If a tooth has been broken or damaged by decay, your dentist will try to fix it with a filling, crown or other treatment. Sometimes, though, there's too much damage for the tooth to be repaired. In this case, the tooth needs to be extracted. Tooth extraction is the removal of a tooth from its socket in the bone. A very loose tooth also will require extraction if it can't be saved, even with bone replacement surgery (bone graft).
Wisdom teeth, also called third molars, are often extracted either before or after they come in. They commonly come in during the late teens or early 20s. They need to be removed if they are decayed, cause pain or have a cyst or infection. These teeth often get stuck in the jaw (impacted) and do not come in. This can irritate the gum, causing pain and swelling. In this case, the tooth must be removed.
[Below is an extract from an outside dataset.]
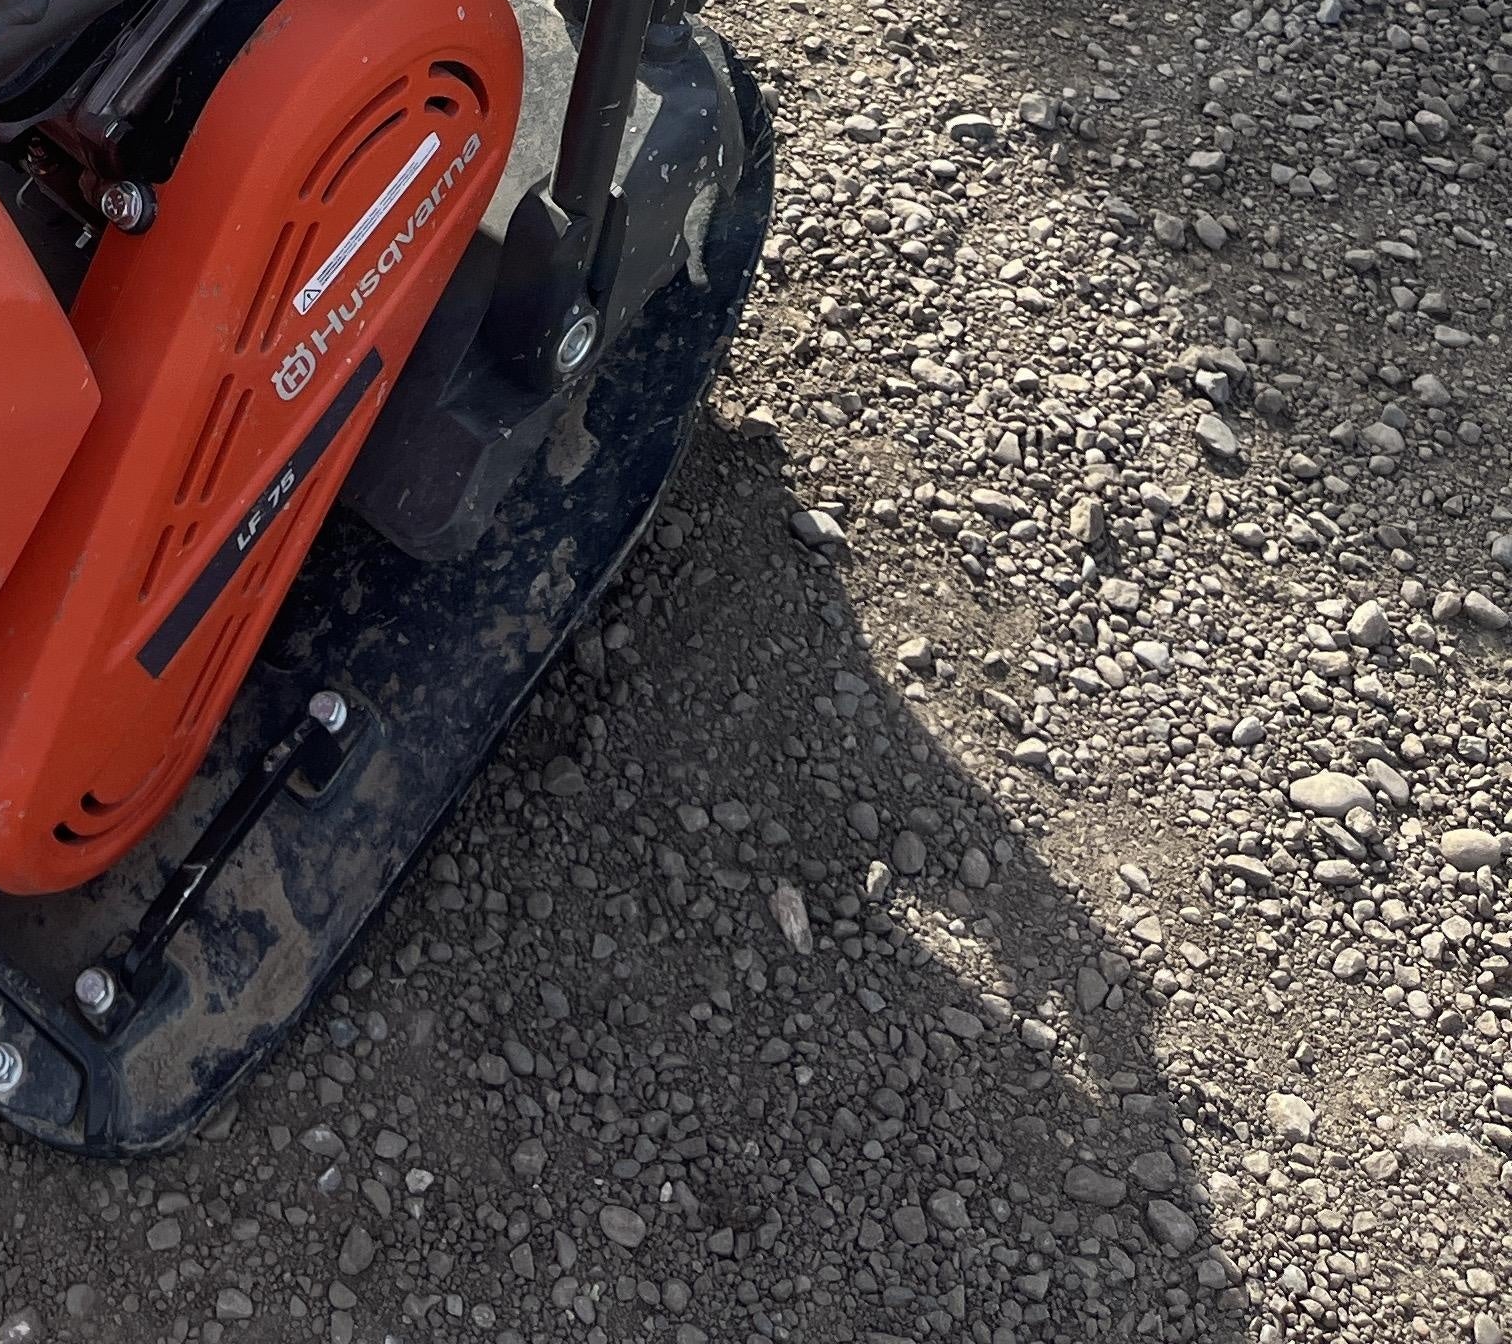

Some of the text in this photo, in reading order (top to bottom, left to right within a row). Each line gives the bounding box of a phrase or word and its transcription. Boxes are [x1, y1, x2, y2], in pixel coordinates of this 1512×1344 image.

[310, 132, 482, 355] Husqvarna
[236, 468, 295, 551] LF 75
If you need all four wisdom teeth removed, they are usually taken out at the same time.
Sometimes baby teeth don't fall out in time to allow the permanent teeth to come in.
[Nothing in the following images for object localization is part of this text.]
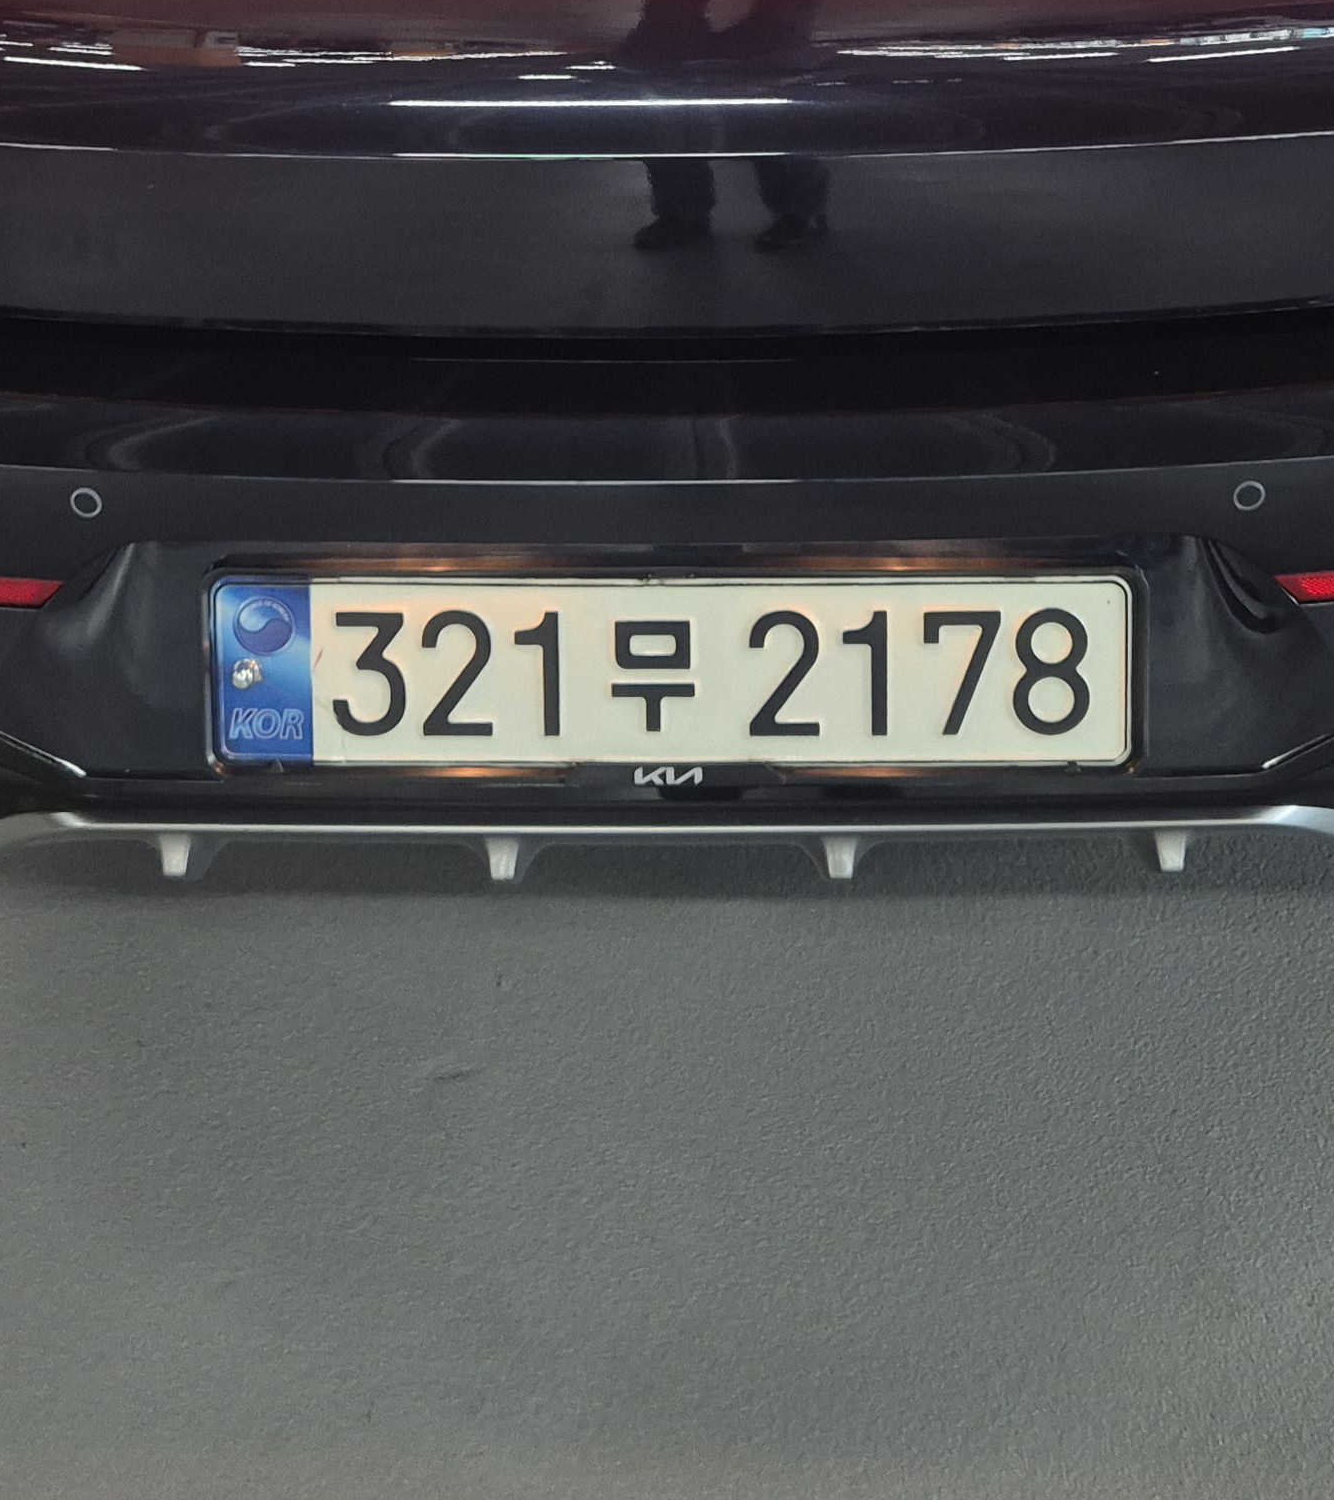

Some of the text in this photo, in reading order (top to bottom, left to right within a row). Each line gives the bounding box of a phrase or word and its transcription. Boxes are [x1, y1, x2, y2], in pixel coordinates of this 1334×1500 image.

[331, 606, 1092, 738] 321무 2178
[228, 706, 305, 740] KOR
[633, 766, 703, 786] KIA
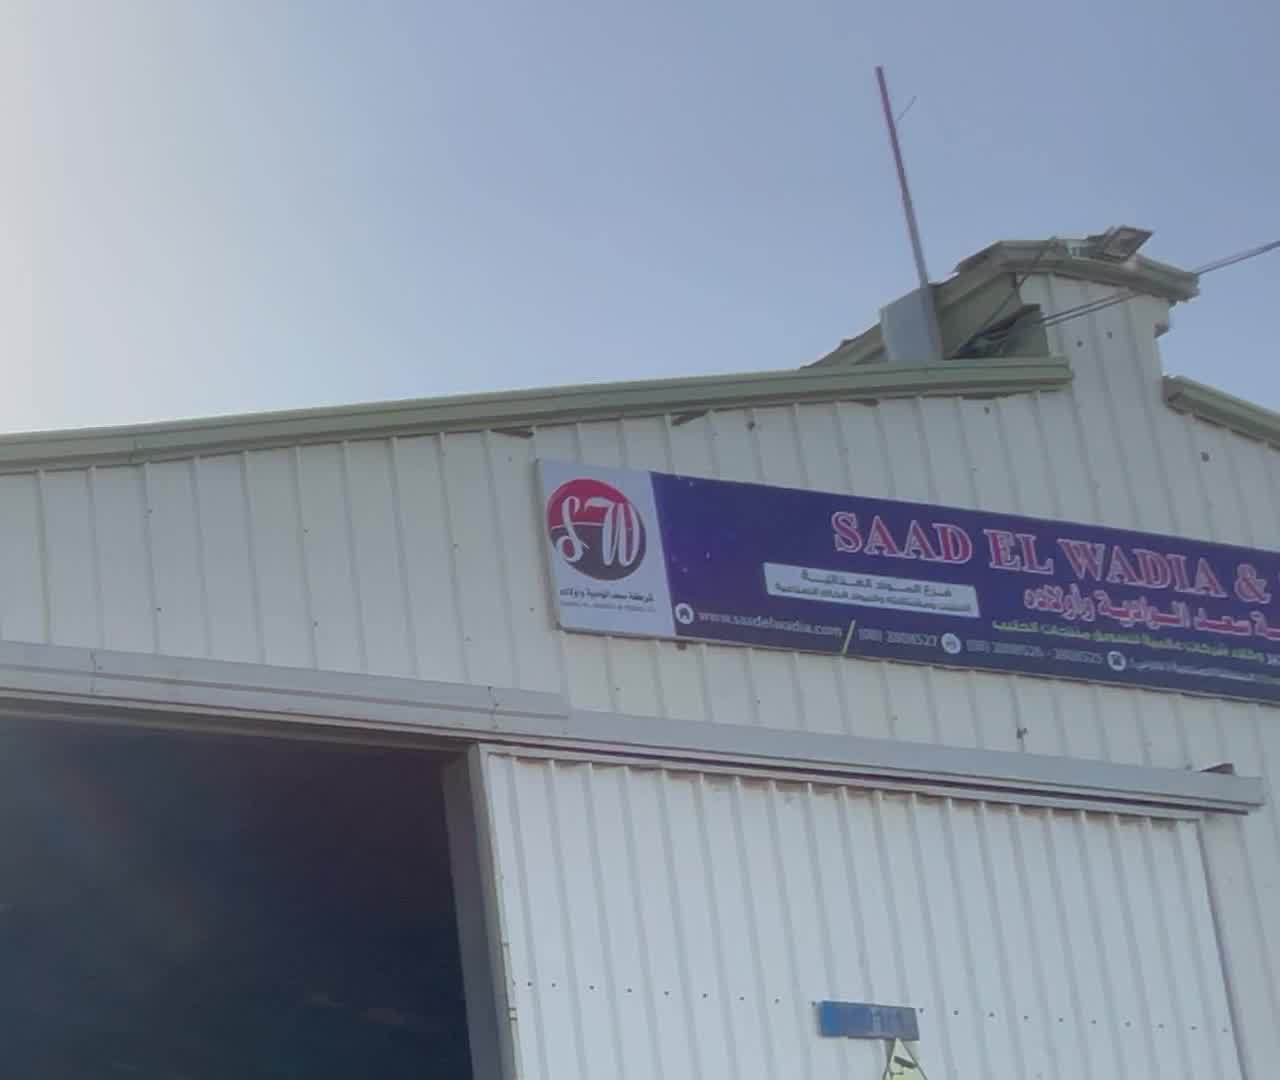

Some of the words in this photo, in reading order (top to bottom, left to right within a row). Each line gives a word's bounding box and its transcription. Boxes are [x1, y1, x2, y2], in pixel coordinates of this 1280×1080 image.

[831, 511, 973, 565] SAAD
[983, 528, 1054, 576] EL
[1057, 538, 1229, 599] WADIA
[1234, 563, 1272, 604] &
People getting braces may need teeth extracted to create room for the teeth that are being moved into place.
People receiving radiation to the head and neck may need to have teeth in the field of radiation extracted.
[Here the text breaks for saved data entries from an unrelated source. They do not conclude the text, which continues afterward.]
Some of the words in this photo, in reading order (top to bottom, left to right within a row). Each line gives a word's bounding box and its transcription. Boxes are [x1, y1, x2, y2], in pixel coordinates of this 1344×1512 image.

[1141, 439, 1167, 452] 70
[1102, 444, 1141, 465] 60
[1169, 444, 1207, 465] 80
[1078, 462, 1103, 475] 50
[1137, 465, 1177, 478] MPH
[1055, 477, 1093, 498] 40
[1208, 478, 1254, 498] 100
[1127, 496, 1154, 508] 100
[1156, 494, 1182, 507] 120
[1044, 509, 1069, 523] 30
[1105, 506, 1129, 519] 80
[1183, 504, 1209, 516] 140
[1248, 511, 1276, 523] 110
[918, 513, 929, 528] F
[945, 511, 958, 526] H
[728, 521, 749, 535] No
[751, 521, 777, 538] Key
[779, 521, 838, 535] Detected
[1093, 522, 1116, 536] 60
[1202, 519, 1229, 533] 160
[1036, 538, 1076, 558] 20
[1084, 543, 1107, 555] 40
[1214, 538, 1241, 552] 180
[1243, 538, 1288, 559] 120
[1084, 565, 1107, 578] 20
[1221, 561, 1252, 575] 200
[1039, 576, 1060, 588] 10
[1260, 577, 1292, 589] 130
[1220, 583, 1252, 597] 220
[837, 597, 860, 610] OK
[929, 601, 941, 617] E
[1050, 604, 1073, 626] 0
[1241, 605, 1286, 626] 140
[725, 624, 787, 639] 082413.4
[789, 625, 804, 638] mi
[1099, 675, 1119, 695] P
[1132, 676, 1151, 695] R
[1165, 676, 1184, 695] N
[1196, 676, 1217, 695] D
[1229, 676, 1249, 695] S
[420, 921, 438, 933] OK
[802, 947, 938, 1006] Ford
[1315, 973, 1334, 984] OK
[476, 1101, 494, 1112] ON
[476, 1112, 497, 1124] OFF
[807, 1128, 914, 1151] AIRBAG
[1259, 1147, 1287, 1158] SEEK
Some teeth may need to be extracted if they could become a source of infection after an organ transplant. People with organ transplants have a high risk of infection because they must take drugs that decrease or suppress the immune system.
If you expect to have treatment with intravenous drugs called bisphosphonates for a medical condition, be sure to see your dentist first. If any teeth need to be extracted, this should be done before your drug treatment begins. Having a tooth extraction after bisphosphonate treatment increases the risk of osteonecrosis (death of bone) in the jaw.